• REQUIRED WORK: Set down every entry word for word. Omit the pictures.

• WORKING DATA:
--- START ---

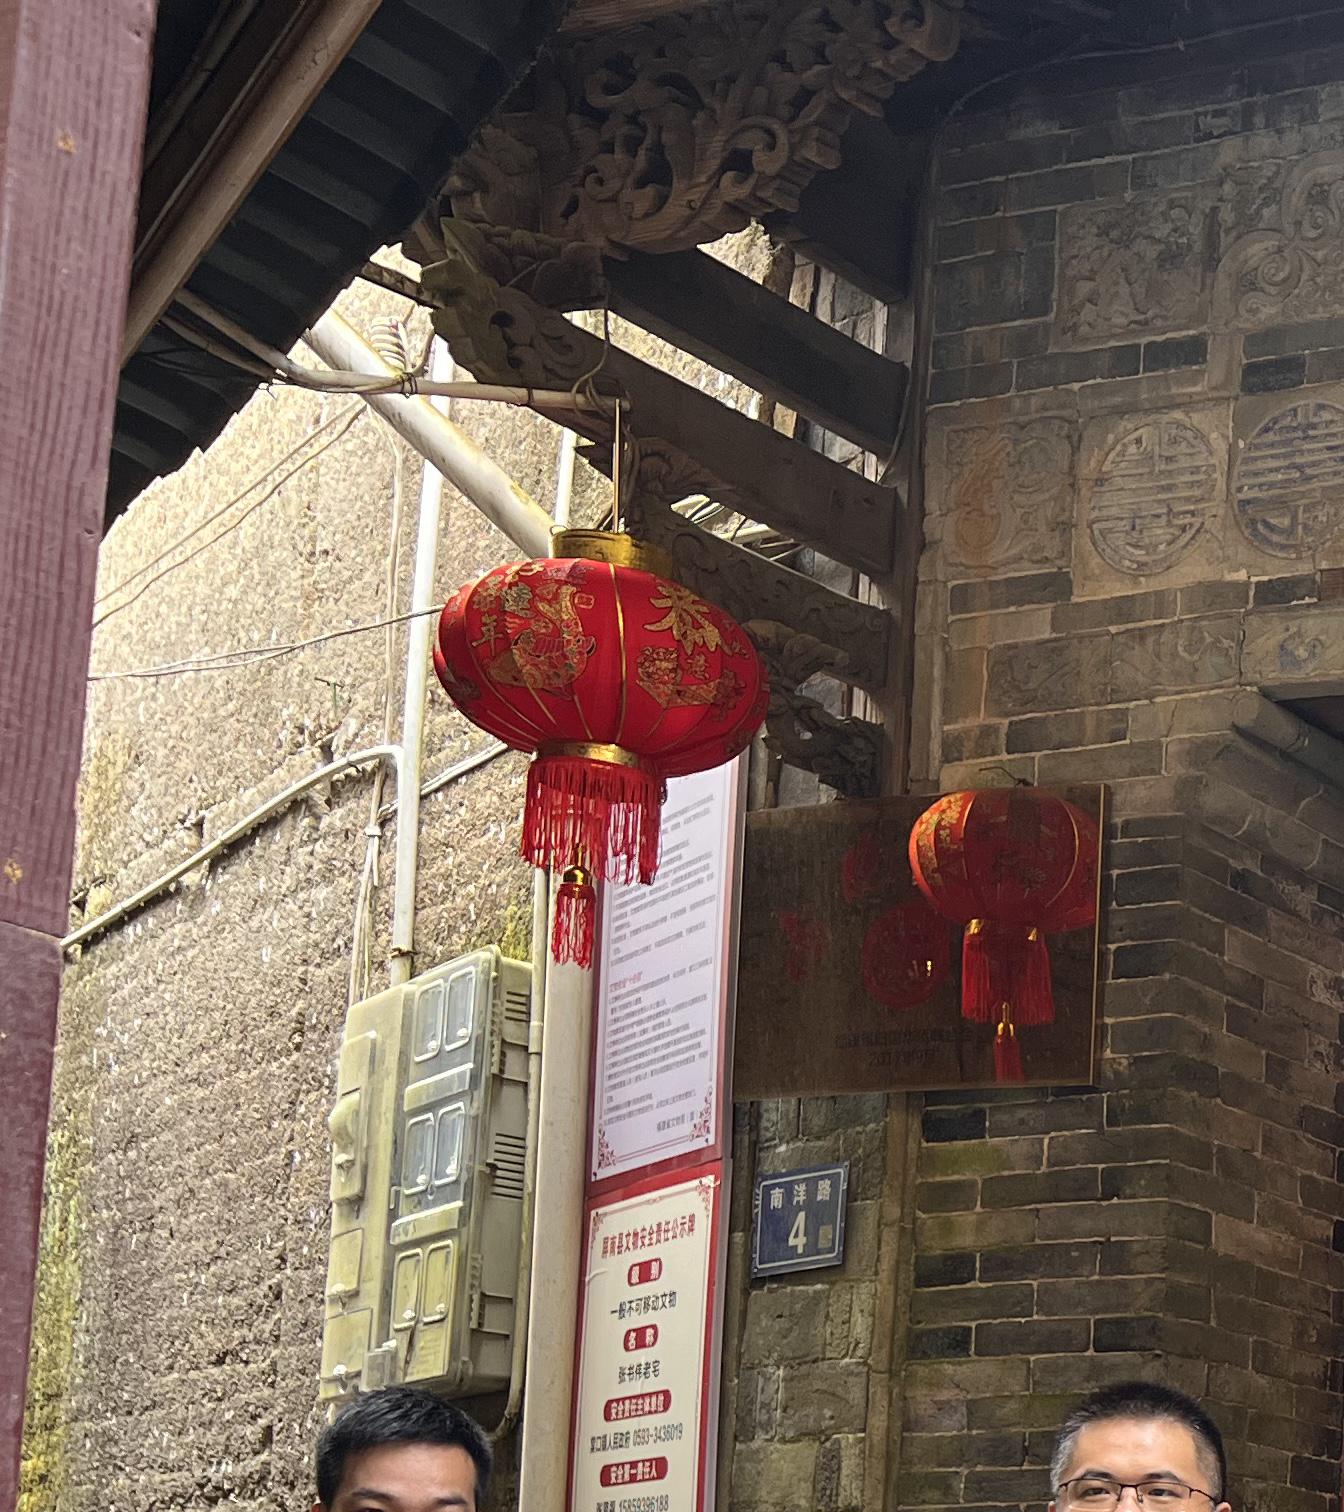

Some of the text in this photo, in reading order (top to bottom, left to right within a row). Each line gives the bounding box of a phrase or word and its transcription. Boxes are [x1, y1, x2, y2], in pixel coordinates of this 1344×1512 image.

[770, 1179, 832, 1210] 南洋路
[601, 1213, 696, 1259] 屏南县文物安全责任公示牌
[788, 1210, 808, 1254] 4
[610, 1291, 678, 1320] 一般不可移动文物
[610, 1460, 659, 1485] 安全第一责任人

--- END ---

• COMPLETED EXERCISE:
Some of the text in this photo, in reading order (top to bottom, left to right within a row). Each line gives the bounding box of a phrase or word and its transcription. Boxes are [x1, y1, x2, y2], in pixel coordinates of this 1344×1512 image.

[770, 1179, 832, 1210] 南洋路
[601, 1213, 696, 1259] 屏南县文物安全责任公示牌
[788, 1210, 808, 1254] 4
[610, 1291, 678, 1320] 一般不可移动文物
[610, 1460, 659, 1485] 安全第一责任人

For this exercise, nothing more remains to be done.